FORT MEADE, Md. — An Army private charged in the biggest security breach in U.S. history testified Thursday that he felt like a doomed, caged animal after he was arrested in Baghdad for allegedly sending classified information to the secret-spilling website WikiLeaks.
Speaking publicly for the first time about his May 2010 arrest and subsequent confinement, Pfc. Bradley Manning addressed the nearly two months he spent in a cell in a segregation tent at Camp Arifjan, an Army installation in Kuwait, before he was moved stateside.

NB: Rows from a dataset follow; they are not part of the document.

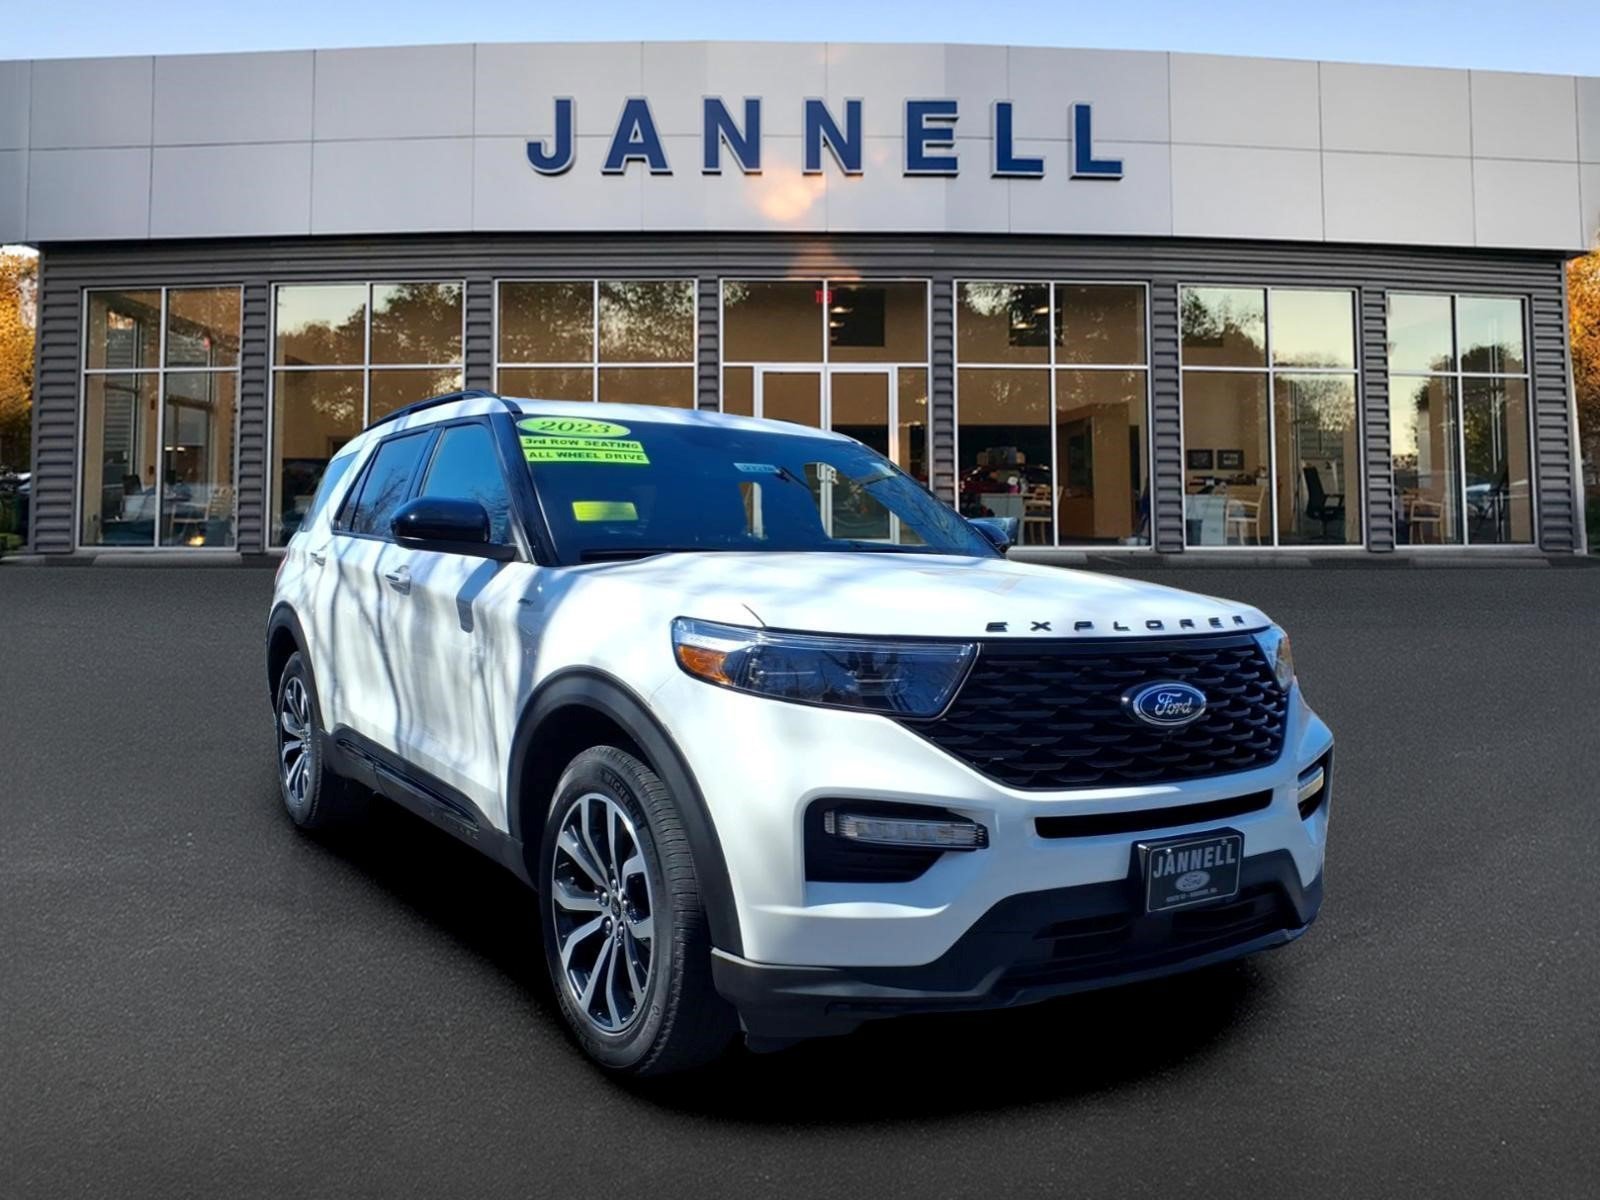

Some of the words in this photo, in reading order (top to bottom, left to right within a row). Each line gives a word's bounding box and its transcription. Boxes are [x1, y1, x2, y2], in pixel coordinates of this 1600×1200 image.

[526, 96, 1124, 179] JANNELL
[538, 420, 611, 434] 2023
[584, 440, 640, 449] SEATING
[529, 451, 553, 459] ALL
[556, 451, 600, 459] WHEEL
[605, 453, 645, 461] DRIVE
[985, 615, 1244, 632] EXPLORER
[1154, 692, 1192, 716] Ford
[1152, 843, 1236, 878] JANNELL
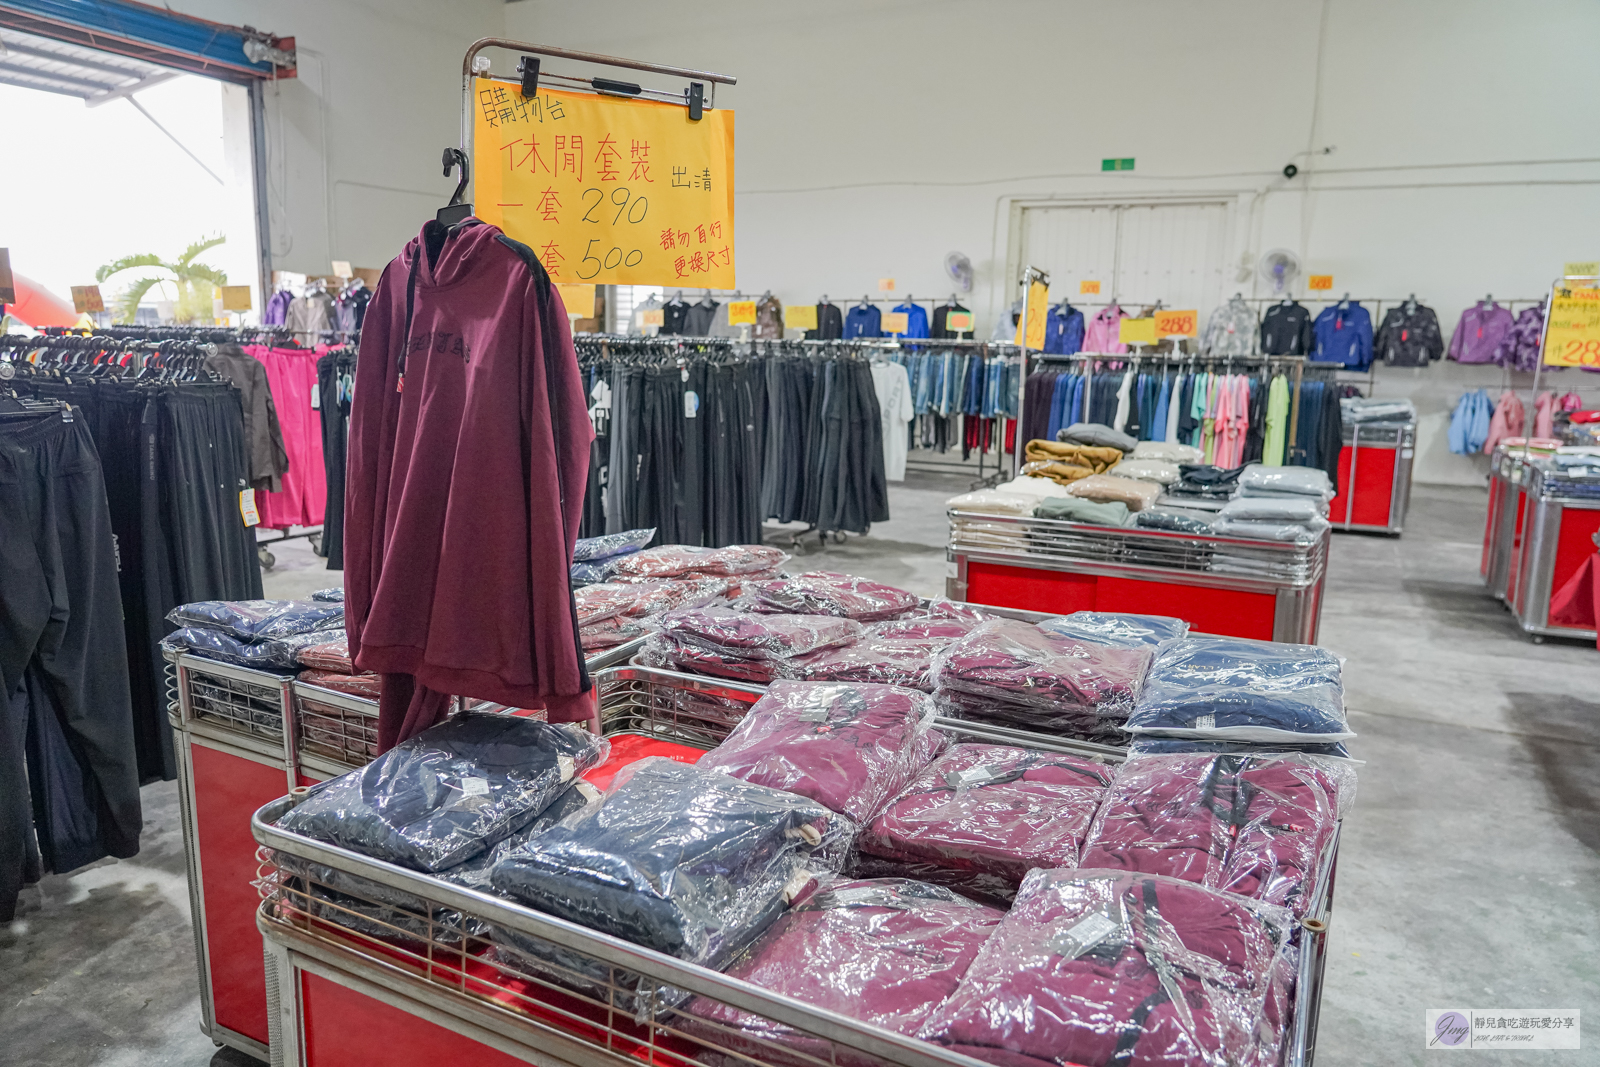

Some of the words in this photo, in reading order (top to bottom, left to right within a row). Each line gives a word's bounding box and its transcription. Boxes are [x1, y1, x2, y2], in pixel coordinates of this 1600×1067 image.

[479, 87, 566, 128] 購物台
[499, 132, 655, 183] 休閒套裝
[671, 165, 712, 192] 出清
[497, 186, 563, 224] 一套
[581, 187, 648, 226] 290
[575, 239, 643, 280] 500
[673, 245, 731, 280] 更換尺寸
[1160, 316, 1193, 335] 288

"I remember thinking I'm going to die. I'm stuck inside this cage," Manning said in response to questions from defense attorney David Coombs. "I just thought I was going to die in that cage. And that's how I saw it — an animal cage."
Manning was later sent to a Marine Corps brig in Quantico, Va., in July 2010. His lawyers are seeking dismissal of all charges, contending his pretrial confinement at Quantico was needlessly harsh.
Manning's testimony came on the third day of a pretrial hearing at Fort Meade, the sprawling Army post between Washington and Baltimore.
The compact, 24-year-old intelligence analyst looked youthful in his dark-blue dress uniform, close-cropped hair and rimless eyeglasses. He was animated, often swiveling in the witness chair and gesturing with his hands.
Speaking in emphatic bursts, sometimes stumbling over his words, Manning said that at Quantico, where he was held for nine months in highly restrictive maximum custody, "I started to feel like I was mentally going back to Kuwait mode, in that lonely, dark, black hole place, mentally."
Manning said he never sank that low but grew frustrated after five months in which he spent up to 23 hours a day in a windowless, 6-by-8-foot cell.
"It was pretty draining. Tiring," Manning said. He described it as "boredom. Complete, out-of-my-mind boredom."
Earlier Thursday, a military judge accepted the terms under which Manning was willing to plead guilty to eight charges for sending classified documents to the WikiLeaks website.
Col. Denise Lind's ruling doesn't mean the pleas have been formally accepted. That could happen in December. Those offenses carry a total maximum prison term of 16 years.
Government officials have not said whether they would continue prosecuting Manning for the other 14 counts he faces, including aiding the enemy. That offense carries a maximum penalty of life in prison.